Laurindo Lalo Leal Filho, via Correio do Brasil
Hoje quando abrimos jornais, ouvimos o rádio e vemos as tevês comerciais o retrato é de um país à beira do abismo, tudo vai mal. Situação de quase pleno emprego, milhões de pessoas retiradas da miséria pelo Bolsa Família, pacientes atendidos em cidades que nunca haviam visto um médico antes são apenas alguns exemplos do Brasil ignorado pelo jornalismo “independente”.

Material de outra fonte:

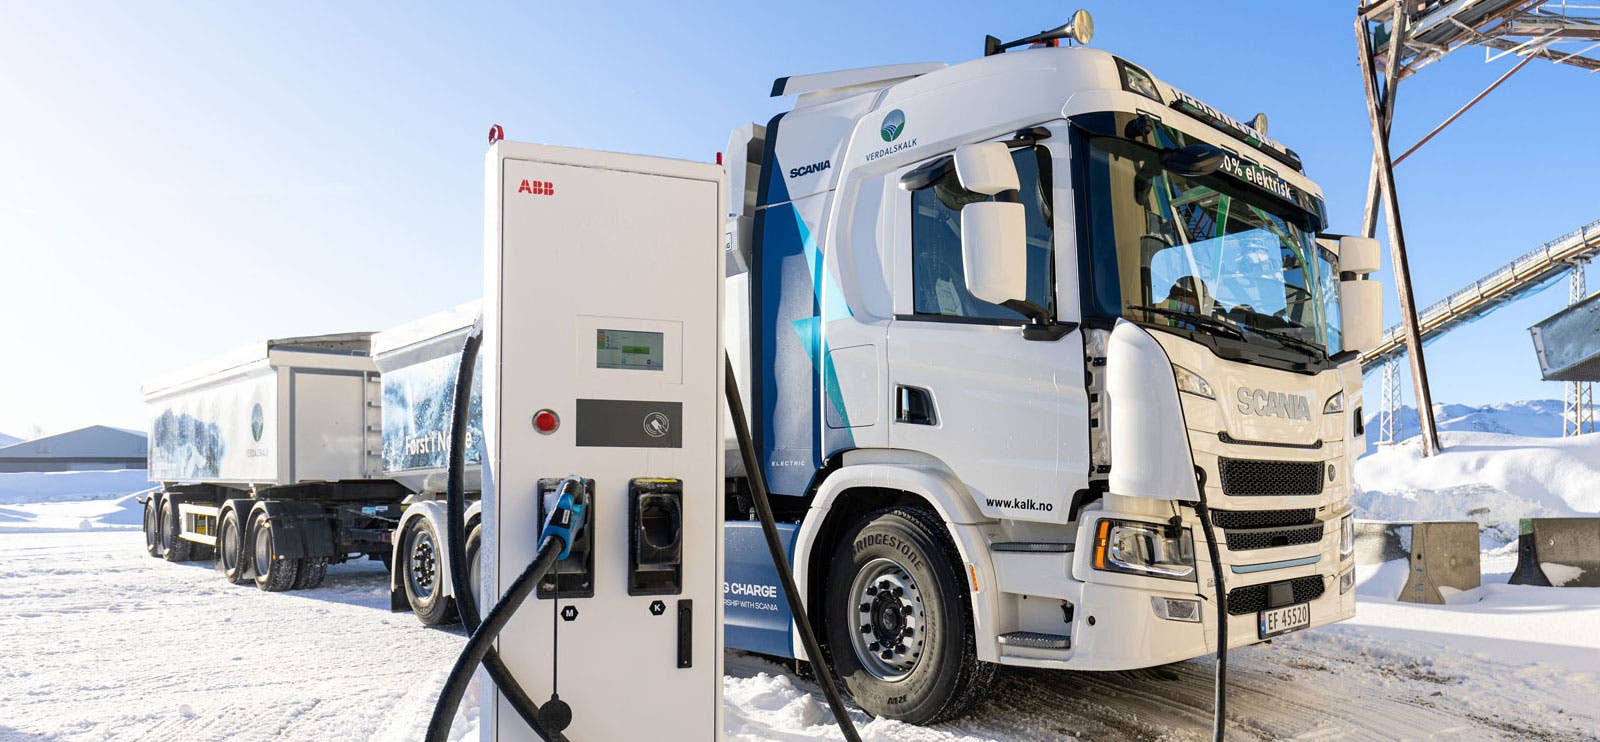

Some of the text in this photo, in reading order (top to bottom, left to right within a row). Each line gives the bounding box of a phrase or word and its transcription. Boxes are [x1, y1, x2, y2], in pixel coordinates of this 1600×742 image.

[865, 137, 918, 162] VERDALSKALK
[789, 159, 831, 179] SCANIA
[1219, 154, 1292, 200] 0% elektrisk
[518, 178, 555, 196] ABB
[1236, 386, 1312, 422] SCANIA
[771, 459, 806, 467] ELECTRIC
[986, 498, 1053, 512] www.kalk.no
[731, 582, 777, 598] CHARGE
[565, 609, 574, 617] M
[654, 604, 661, 612] K
[740, 600, 754, 608] WITH
[755, 602, 778, 611] SCANIA
[1268, 605, 1307, 631] EF 45520

Em março de 1964, o quadro era semelhante embora houvesse um fantasma a mais, além do descalabro administrativo: o “perigo vermelho” representado pelo comunismo. Para mídia ele estava às nossas portas.

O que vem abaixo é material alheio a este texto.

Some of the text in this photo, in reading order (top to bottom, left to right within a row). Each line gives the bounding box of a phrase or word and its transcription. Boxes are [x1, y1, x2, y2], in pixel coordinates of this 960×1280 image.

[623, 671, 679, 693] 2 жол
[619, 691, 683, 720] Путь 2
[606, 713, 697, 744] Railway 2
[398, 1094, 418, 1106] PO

A televisão e demais meios de comunicação se prestavam a esse serviço de doutrinação diária azeitados por fartos recursos vindos de grandes grupos empresariais canalizados por meio do Instituto de Pesquisas e Estudos Sociais (Ipes) e do Instituto Brasileira de Ação Democrática (Ibad), em estreita colaboração com a agência de inteligência dos Estados Unidos, a CIA. O principal mensageiro televisivo dos alertas sobre a “manipulação comunista” do governo Goulart era o jornalista Carlos Lacerda. Apesar de afinados ideologicamente com os golpistas, os veículos de comunicação não faziam isso de graça.
Segundo o economista Glycon de Paiva, um dos diretores do Ipes, de 1962 a 1964 foram gastos nesse trabalho de desinformação US$300 mil a cada ano, em valores não corrigidos. Os dados estão no livro O governo João Goulart, as lutas sociais no Brasil 1961-1964, do historiador Moniz Bandeira.

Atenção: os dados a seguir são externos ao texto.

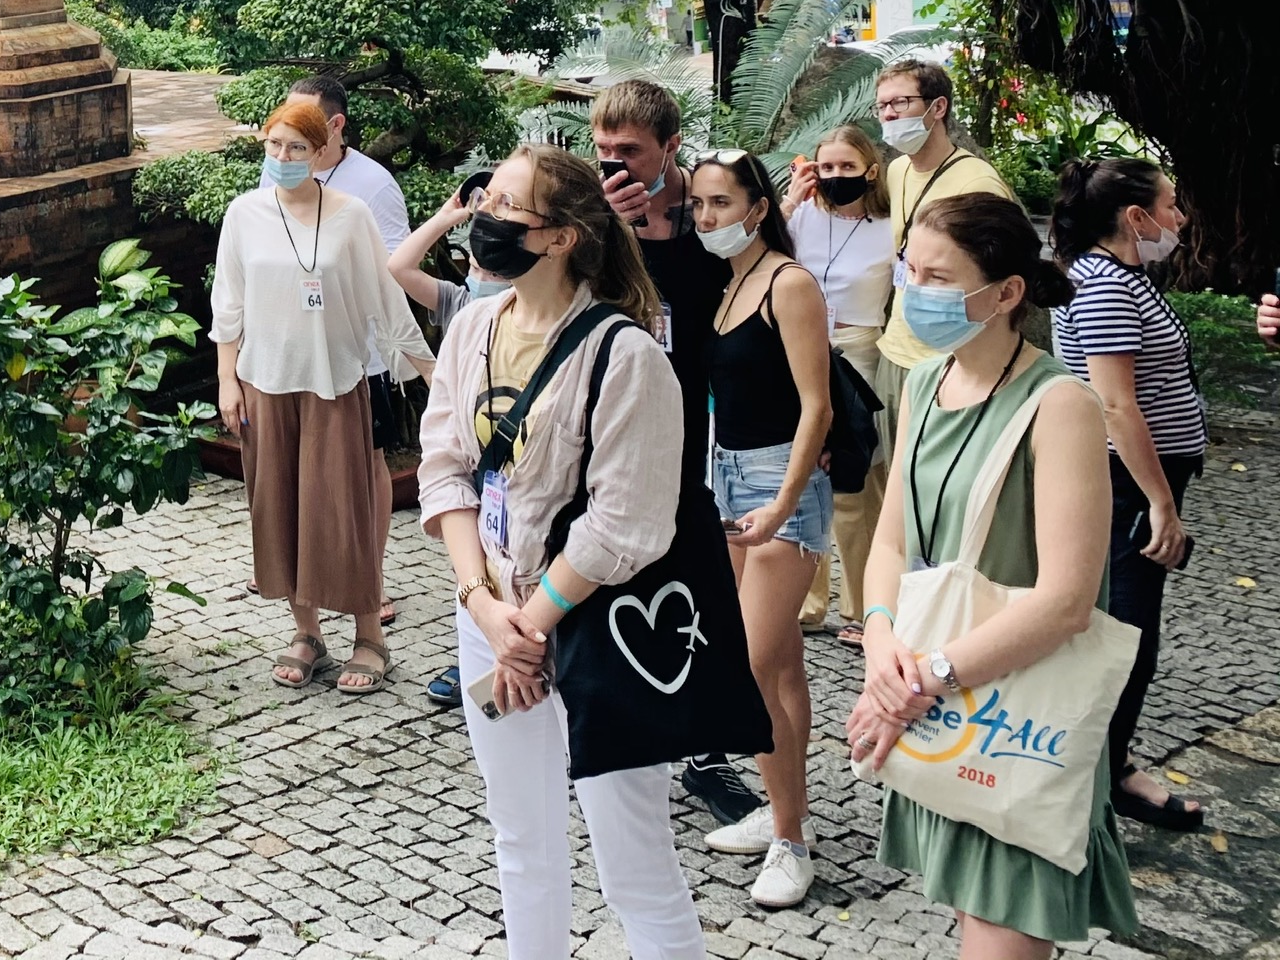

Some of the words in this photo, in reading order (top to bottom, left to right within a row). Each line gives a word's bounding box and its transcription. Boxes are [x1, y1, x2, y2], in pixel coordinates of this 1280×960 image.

[308, 294, 322, 307] 64
[485, 487, 502, 503] anex
[486, 512, 498, 535] 64
[957, 765, 996, 788] 2018

“O Ipes conseguiu estabelecer um sincronizado assalto à opinião pública, por meio de seu relacionamento especial com os mais importantes jornais, rádios e televisões nacionais, como: os Diários Associados (poderosa rede de jornais, rádio e tevê de Assis Chateaubriand, por intermédio de Edmundo Monteiro, seu diretor-geral e líder do Ipes), a Folha de S.Paulo (do grupo de Octavio Frias, associado do Ipes), O Estado de S.Paulo e o Jornal da Tarde (do Grupo Mesquita, ligado ao Ipes, que também possuía a prestigiosa Rádio Eldorado de São Paulo)” relata René Armand Dreifuss no clássico 1964: a conquista do Estado.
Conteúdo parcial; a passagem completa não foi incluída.